Commanders and leaders
- Abdel Fattah el-Sisi (2015–present) Mohamed Ahmed Zaki (2018–present) Sedki Sobhi (2015–18) Mahmoud Tawfik (2018–present) Magdy Abdel Ghaffar (2015–18): Abu Osama al-Masri † (IS Emir of Wilayat Sinai); Shadi el-Manaei;

Casualties and losses
- Security forces: 10 soldiers killed 3 humvees destroyed: 1,013 militants killed

= Operation Martyr's Right =

Operation Martyr's Right (عملية حق الشهيد) was a military operation conducted by the Egyptian Armed Forces in cooperation with the Egyptian National Police officers, aimed at rooting out and killing militants of the so-called Islamic State.

The operation was officially launched on 7 September 2015 and was considered to be the largest military action in the Sinai Peninsula in months, targeting sites in all towns of Northern Sinai.

A part of the larger background of an international campaign against the Islamic State, over two hundred militants tied to the terrorist group have been reported dead.

==Background and context==
According to the official armed forces spokesman, the operation has been launched based on an estimation of the situation and fresh information about many hideouts and targets. The operation came days after the Sinai Province militant group released a video documenting its attacks on the Egyptian military in Sinai, including footage of a wire-guided missile strike that damaged a naval vessel.

==Preparations==
Eyewitnesses in North Sinai confirmed there had been a buildup for the operation and an increased number of security checkpoints.

These checkpoints were to restrict travelers from visiting the area unless shown proof of residency and barrier walls were set up along the Gaza border as well as the EAF setting up a buffer zone in the area. This action was met in the efforts to disrupt terrorist's logistics and supply lines.

==Strategy and results==
The Egyptian military deployed naval special forces units in order to patrol the shore line and prevent any attempt for the militants to receive help or escape by sea.
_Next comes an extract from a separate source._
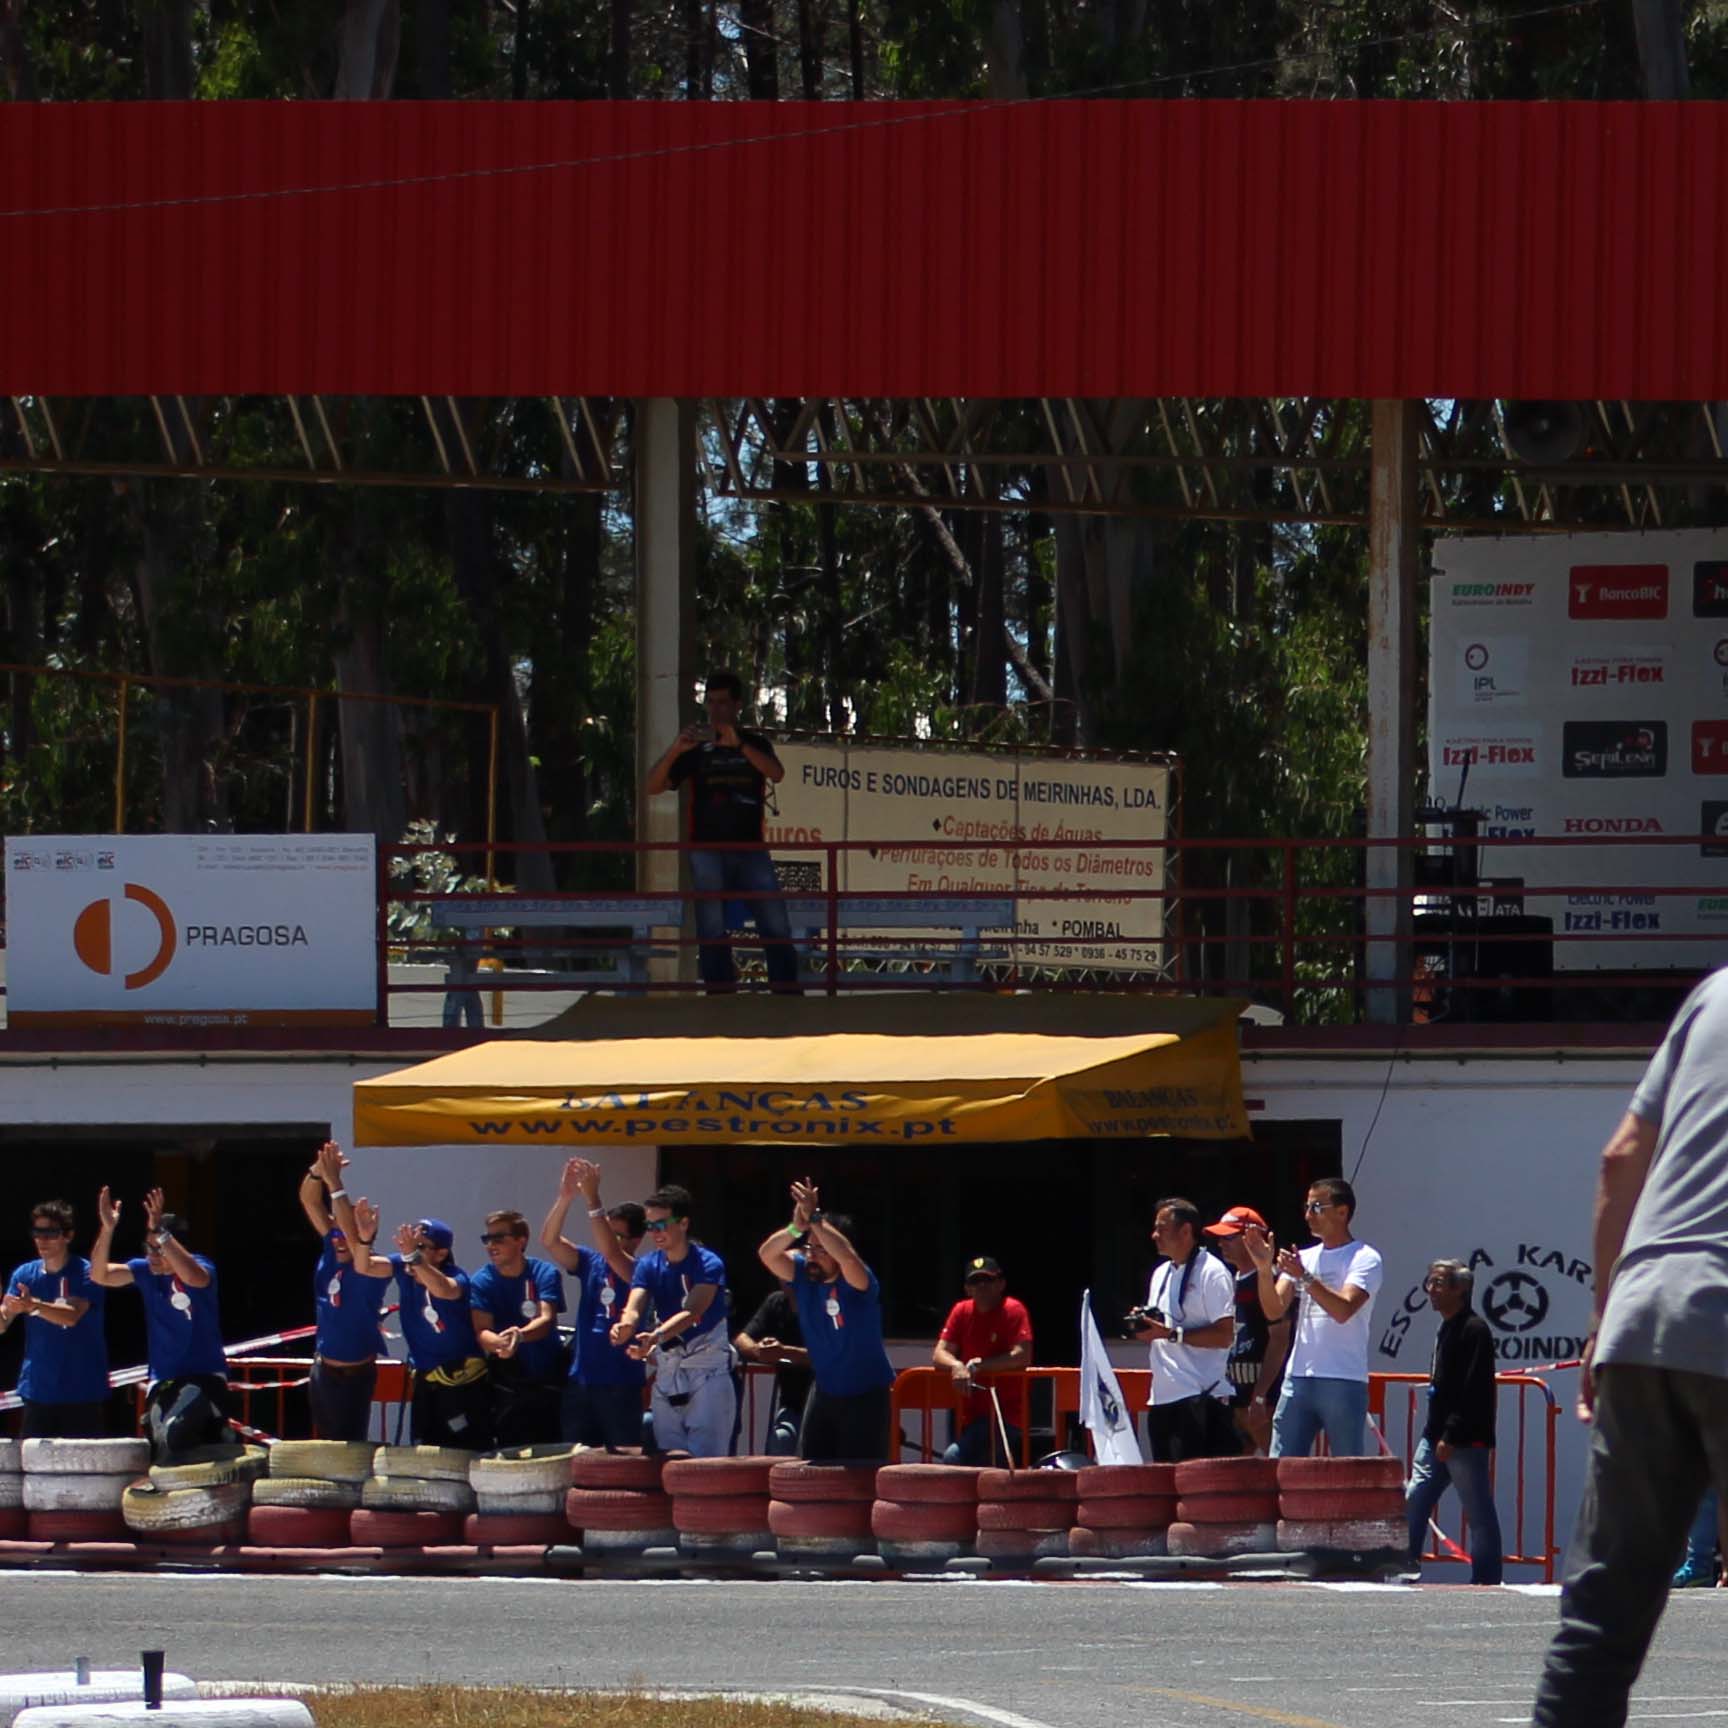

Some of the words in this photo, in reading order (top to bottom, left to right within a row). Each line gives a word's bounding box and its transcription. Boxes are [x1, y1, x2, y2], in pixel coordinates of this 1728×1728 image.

As of 17 September, over five hundred IS fighters are believed to have been killed.

First phase

On 23 September 2015, the Egyptian military spokesman announced the ending of the first phase of the operation, after 16 days, and resulting in the following:
1. The destruction of a vast network of militant-sanctuaries, weapons, ammunition and explosives storage warehouses.
2. Achieve full control over all the roads and the main axes and sub extended ones in the cities of Rafah, Sheikh Zuweid, Al-Arish, and the surrounding villages.
3. The destruction of a large number of armed trucks and motorcycles used by the militants in their operations.
4. The disposal of large amounts of explosives and IEDs.

According to an annual report issued by the U.S. State Department in June 2016, global terrorist activity for 2015 has declined nationwide in the second half of the year because of this.

Second phase

The second stage of the operation began on 6 October 2015, in commemoration of Egypt's victory in the 6 October War. The second phase included development projects and reconstruction of Northern Sinai cities that were damaged by fighting in the first phase of the operation as well as humanitarian aid to civilians in those areas.

Third phase

The third phase began on 21 May 2016, it was carried out by the Second Field Army using air and ground forces that span for four days resulting in killing over 150 terrorists, arresting three others, destroying a number of ammunition stores, and more than 75 hideouts.

Fourth phase

The fourth and last phase of the operation that started on 19 July 2017 and lasted for seven days. The Second Field Army along with Egypt's naval forces carried out this phase in killing 150 terrorists, arresting five others, destroying 25 four-wheel vehicles, fifteen motorbikes, five bomb cars, 52 hideouts, dismantled 173 bombs, and seizing a large amount of ammunition.